Here's how to push to a new remote branch without creating a new local branch:
git checkout --detach # (or anything else that leaves you with a detached HEAD - guillotine anyone?)
[change stuff & commit]
git push origin HEAD:refs/heads/my-new-branch
Replace origin
with the appropriate remote name (that you have write access to), and my-new-branch
with whatever you want the new branch to be called.
Your commit(s) on HEAD
will be pushed to a new branch named my-new-branch
. 🎉
Upvotes: 50
Reputation: 1323145
Note: making a branch before pushing is all the more recommended that git 2.11 or less used to segfault!
This won't be the case with Git 2.12+ (Q1 2017)
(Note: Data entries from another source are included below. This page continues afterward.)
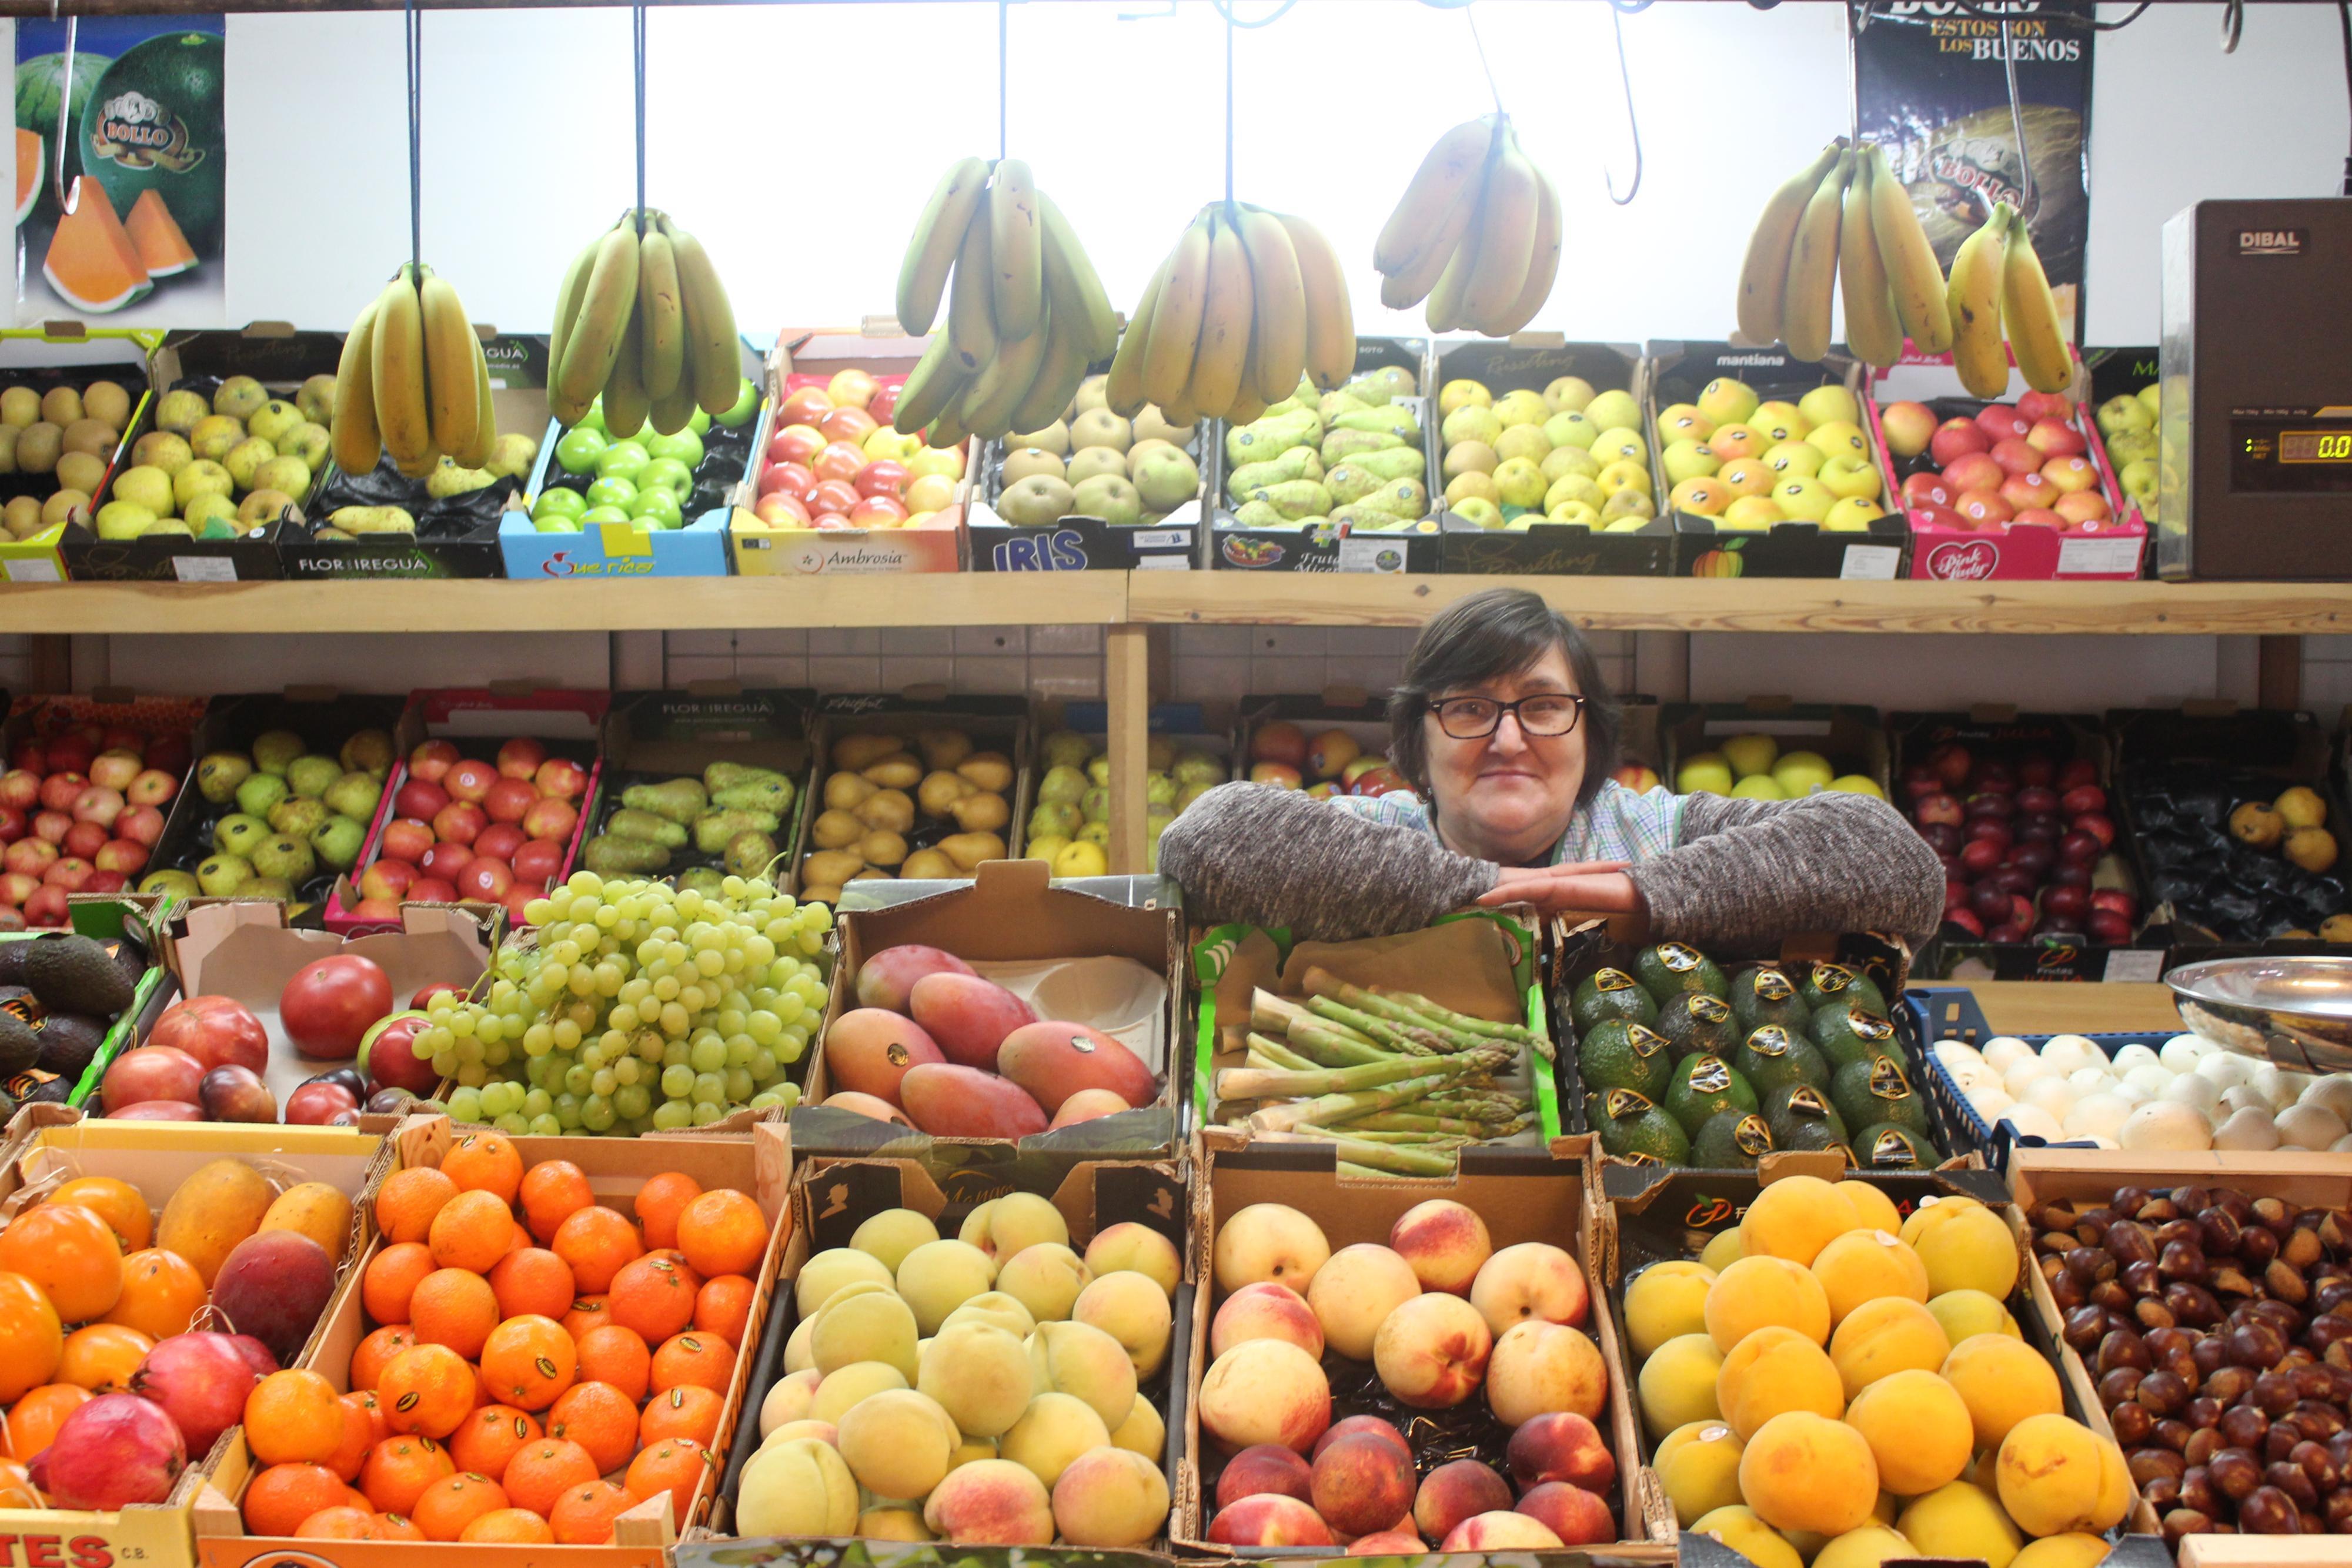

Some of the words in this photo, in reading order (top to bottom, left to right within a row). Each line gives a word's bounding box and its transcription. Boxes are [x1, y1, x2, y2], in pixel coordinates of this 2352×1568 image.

[1930, 19, 1999, 36] ESTOS
[1940, 38, 1973, 52] LOS
[1972, 38, 2080, 61] BUENOS
[107, 121, 169, 146] BOLLO
[2240, 232, 2300, 248] DIBAL
[827, 549, 903, 566] Ambrosia
[993, 529, 1088, 572] IRIS
[299, 559, 344, 571] FLOR
[354, 558, 427, 571] IREGUA
[1939, 547, 1980, 574] Pink
[663, 704, 700, 714] FLOR
[709, 704, 770, 714] IREGUA
[121, 1547, 149, 1559] C.B.
See commit b10731f (07 Jan 2017) by Kyle Meyer (kyleam
).
(Merged by Junio C Hamano -- gitster
-- in commit b85f79c, 18 Jan 2017)
branch_get_push
: do not segfault when HEAD is detached"
git <cmd> @{push}
" on a detached HEAD used to segfault; it has been corrected to error out with a message.
The error now will be:
HEAD does not point to a branch
With Git 2.12 or more, you can then push your detached HEAD to a remote branch, as shown in Matt's answer.
Upvotes: 3
Reputation: 6620
Create a new branch for that commit and checkout to it: git checkout -b <branch-name> <commit-hash>
. Now you can push your changes to the new branch: git push origin <branch-name>
In case you need to clean up your other branch from leftover commits be sure to run git reset --hard <branch-name>
.
Here is an article that explains how branching and detached head works.
Upvotes: 0
Reputation: 6077
If you are on a detached head and you want to push to your remote branch
git push origin HEAD:name-of-your-branch
otherwise you can create a new branch and push to it ( it will be created automatically )
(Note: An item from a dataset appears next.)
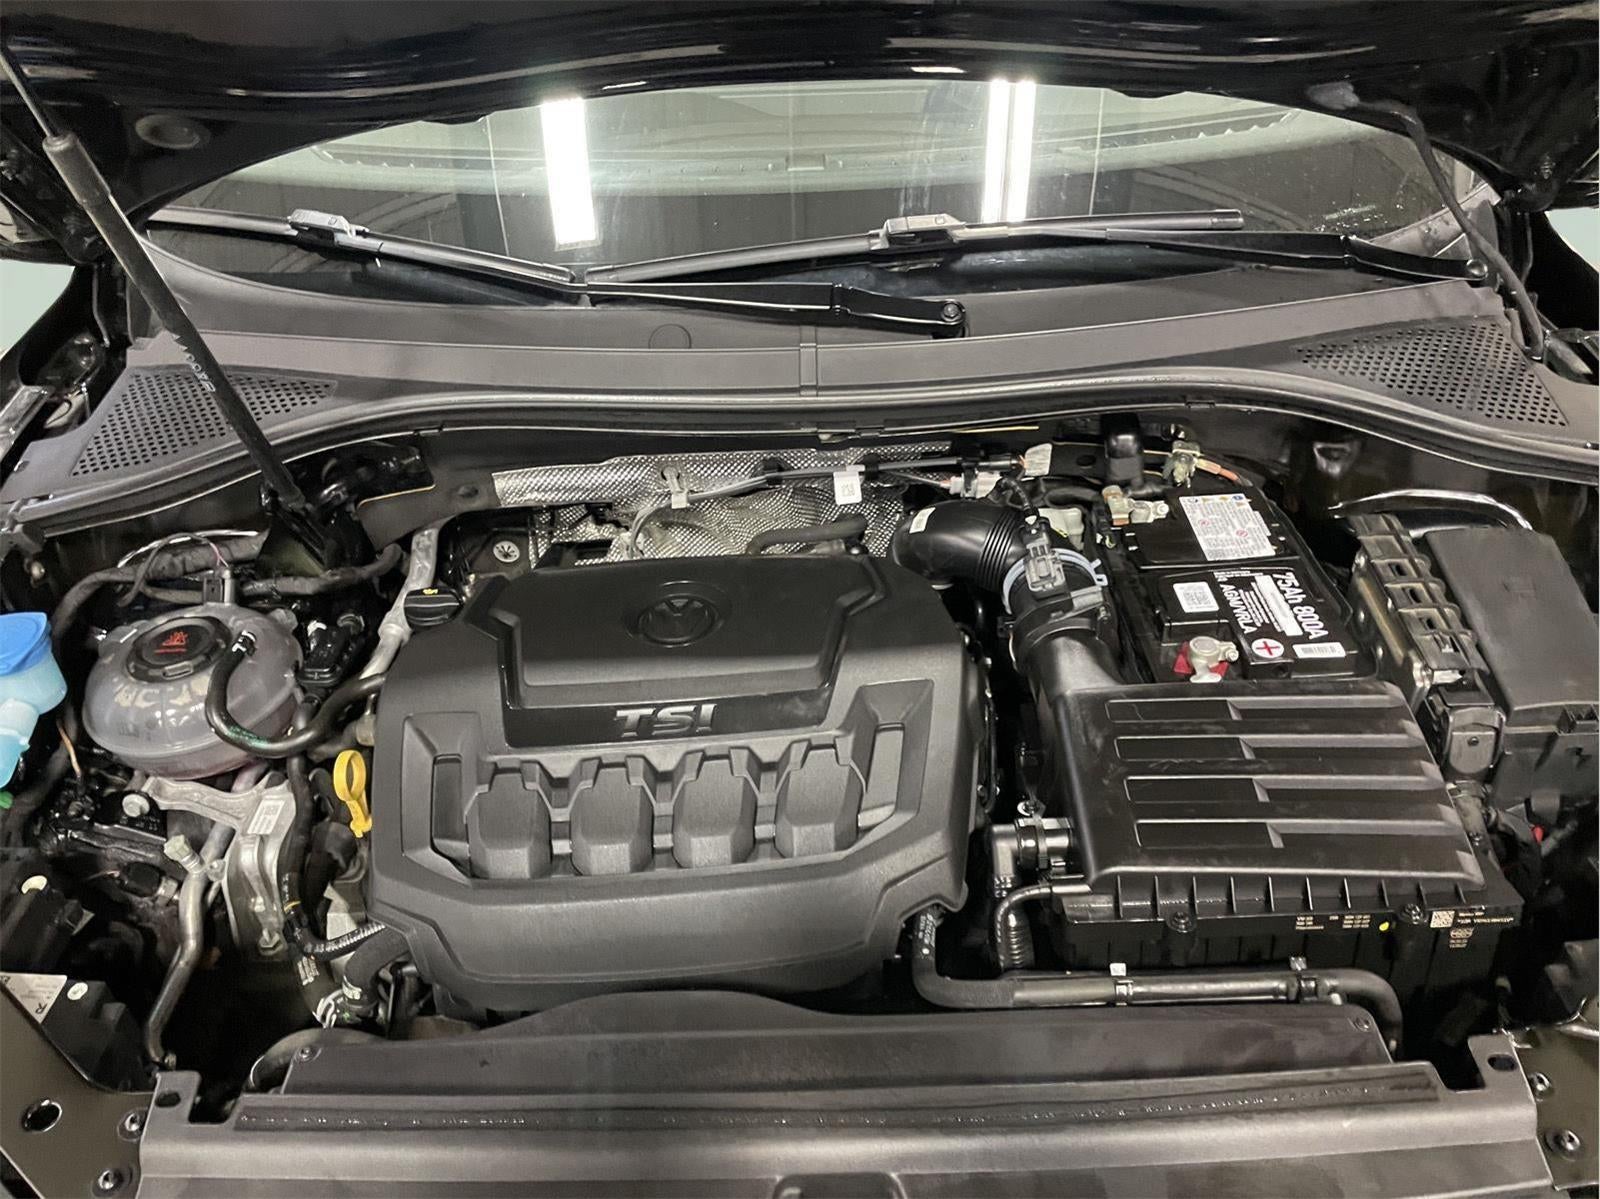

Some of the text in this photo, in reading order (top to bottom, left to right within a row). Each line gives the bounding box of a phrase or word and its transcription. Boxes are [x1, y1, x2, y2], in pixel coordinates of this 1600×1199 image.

[1272, 572, 1306, 604] 75Ah
[1293, 605, 1329, 640] 800A
[614, 703, 718, 738] TSI
git branch new-branch-name
git push -u origin new-branch-name
Upvotes: 329
Reputation: 141946
git checkout
git checkout <commit_id>
git checkout -b <new branch> <commit_id>
git checkout HEAD~X // x is the number of commits t go back
This will checkout new branch pointing to the desired commit.
This command will checkout to a given commit.
At this point you can create a branch and start to work from this point on.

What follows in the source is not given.